In Bonn wird ein jüdischer Gastprofessor aus den USA von einem Deutsch-Palästinenser angegriffen. Die herbeigerufene Polizei nimmt das Opfer fest und schlägt mehrfach brutal zu, bis auf Blut. „Deutschland hat nicht nur ein Antisemitismus-Problem es hat auch ein Problem mit Polizeibrutalität!“

Philosophie-Professor Yitzhak Melamed. Foto: Johns Hopkins University

Der 50-jährige Philosophie-Professor Yitzhak Melamed ist zurück in seiner Heimatstadt Baltimore in den USA und erhebt schwere Vorwürfe gegen die Bonner Polizei. In einer Pressemitteilung, die u.a. an Zeitungen und die Nachrichtenagentur dpa ging, berichtete er über den tatsächlichen Tathergang und bezichtigt die Polizei der Lüge.

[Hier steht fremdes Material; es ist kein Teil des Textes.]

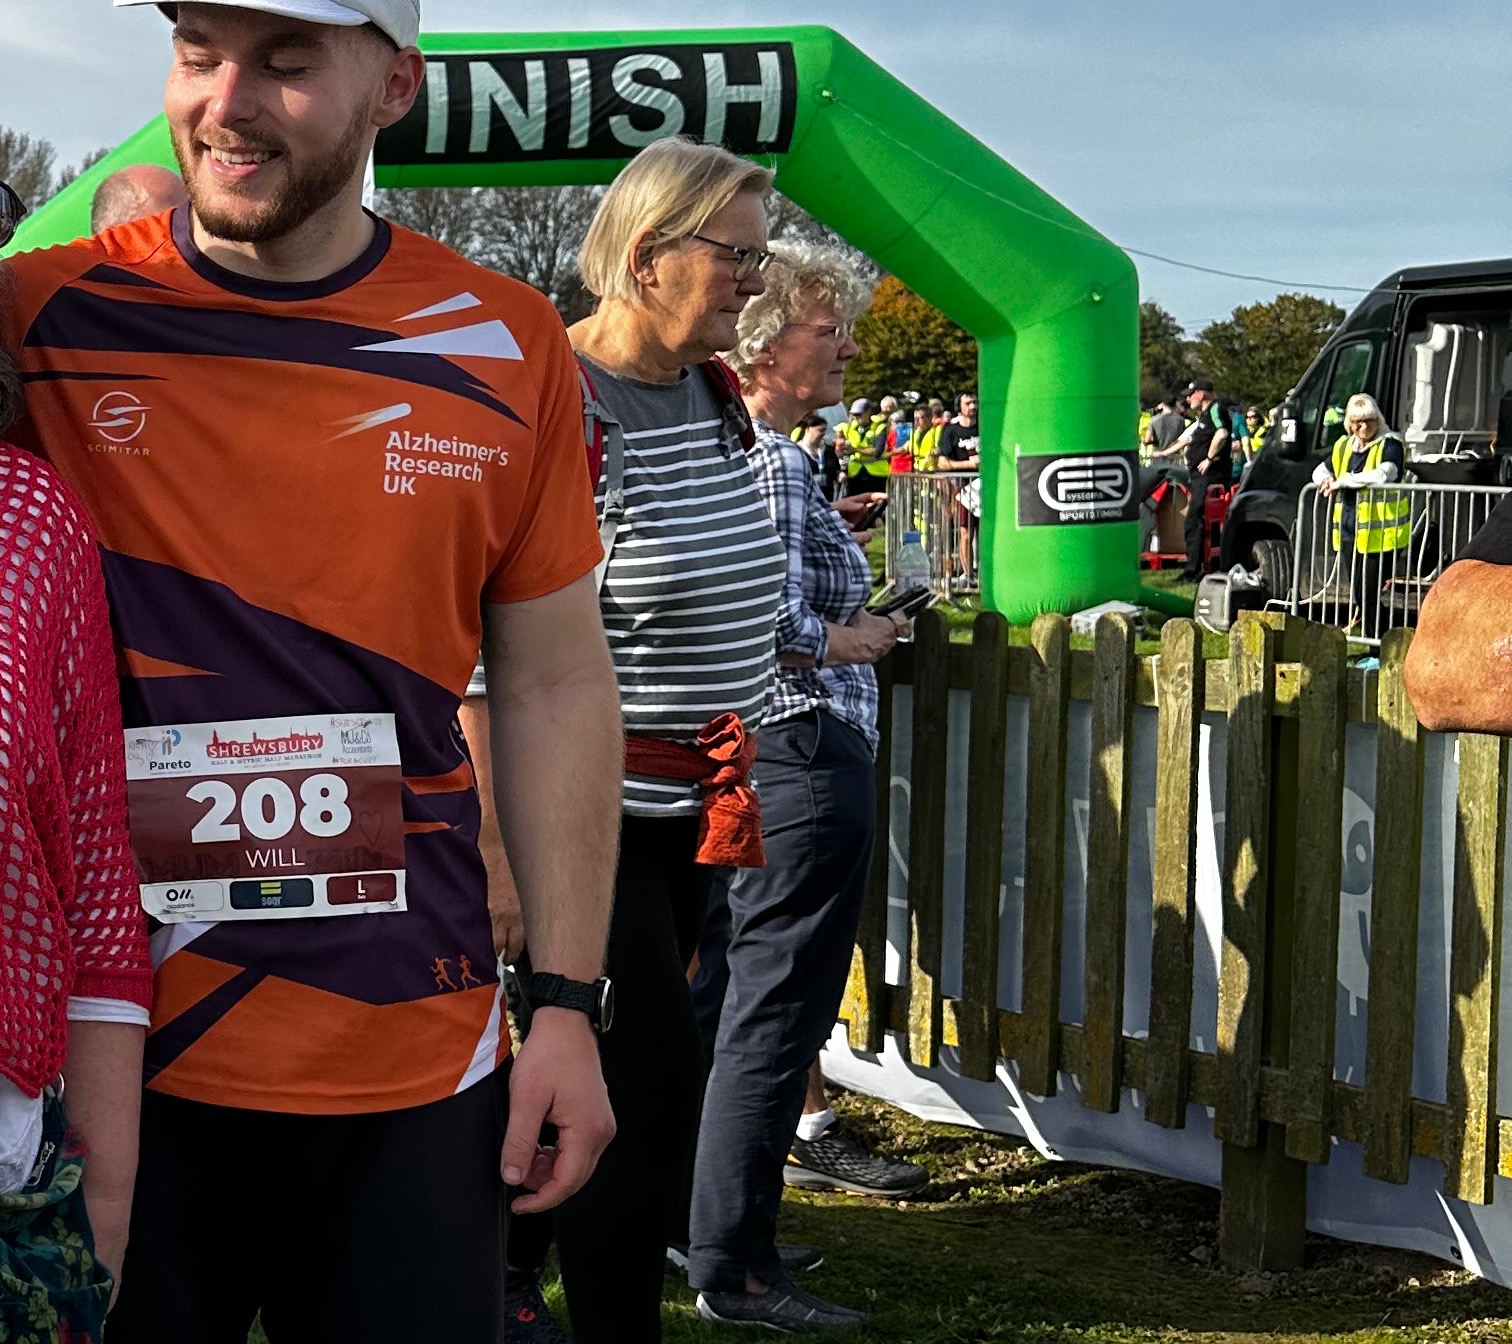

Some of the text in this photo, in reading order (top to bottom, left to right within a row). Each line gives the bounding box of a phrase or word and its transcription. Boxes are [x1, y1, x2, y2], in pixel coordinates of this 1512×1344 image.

[425, 50, 782, 154] INISH
[88, 444, 150, 456] SCIMITAR
[385, 430, 509, 466] Alzheimer's
[384, 452, 483, 483] Research
[383, 474, 416, 496] UK
[209, 738, 321, 758] SHREWSBURY
[149, 759, 192, 771] Pareto
[185, 773, 352, 844] 208
[245, 847, 306, 869] WILL

Laut Polizei habe Yitzhak Melamed beim Eintreffen der Beamten nicht auf deren Befehl stehen zu bleiben reagiert und sich laut NRW-Innenminister Herbert Reul (CDU) „gewehrt“.

Dieser Darstellung des Sachverhaltes widerspricht der Professor nun in einer Pressemitteilung, er bestreitet entschieden sich gegen die Beamten gewehrt zu haben. Im Gegenteil, ihm sei es gar nicht möglich gewesen sich in irgendeiner Form zu widersetzen. „Ich war nicht zu 100, sondern zu 500 Prozent passiv. Ich habe nichts gemacht. Ich bin kein trainierter Kämpfer, sondern ein Philosoph. Dann fingen sie [Polizei] an, mir mehrfach ins Gesicht zu schlagen! Ungefähr 50, 60, 70 Mal – völlig verrückt! Ich war geschockt. Das ist ein abscheuliches Polizeiverhalten, wie man es sonst nur in einem Entwicklungsland findet“, sagte Melamed in einem Interview.

„Legen Sie sich nicht mit der deutschen Polizei an“

Nachdem Melamed immer wieder rief „Ich bin der Falsche“, liefen mehrere Polizisten dem flüchtenden Deutsch-Palästinenser hinterher und schnappten ihn. Sie lösten mir die Handschellen und einer der Polizisten sagte zu mir auf Englisch: „Don’t get in trouble with the German police!“ („Legen Sie sich nicht mit der deutschen Polizei an“). Der geschundene Israeli ließ sich dadurch nicht einschüchtern und antwortete: „Ich habe keine Angst vor der deutschen Polizei. Meine Familie wurde während der Shoah von der deutschen Polizei ermordet. Und ich habe keine Angst mehr vor der deutschen Polizei.“

Später auf der Polizeiwache habe er gesagte, „ich möchte mich über ihr Verhalten beschweren.“ Doch man habe ihm zu verstehen gegeben, dass es besser für ihn wäre keine Beschwerde gegen die Polizisten einzulegen und sollte er es dennoch machen, sähe man sich gezwungen ihn wegen Widerstands gegen Vollstreckungsbeamte anzuzeigen. Auch hätte der Beamte sich geweigert, ihm nach mehrmaliger Aufforderung seinen Namen zu nennen. „Aber ich konnte mir die Dienstnummer des Beamten aufschreiben, die auf seiner Kleidung stand“, sagte Melamed.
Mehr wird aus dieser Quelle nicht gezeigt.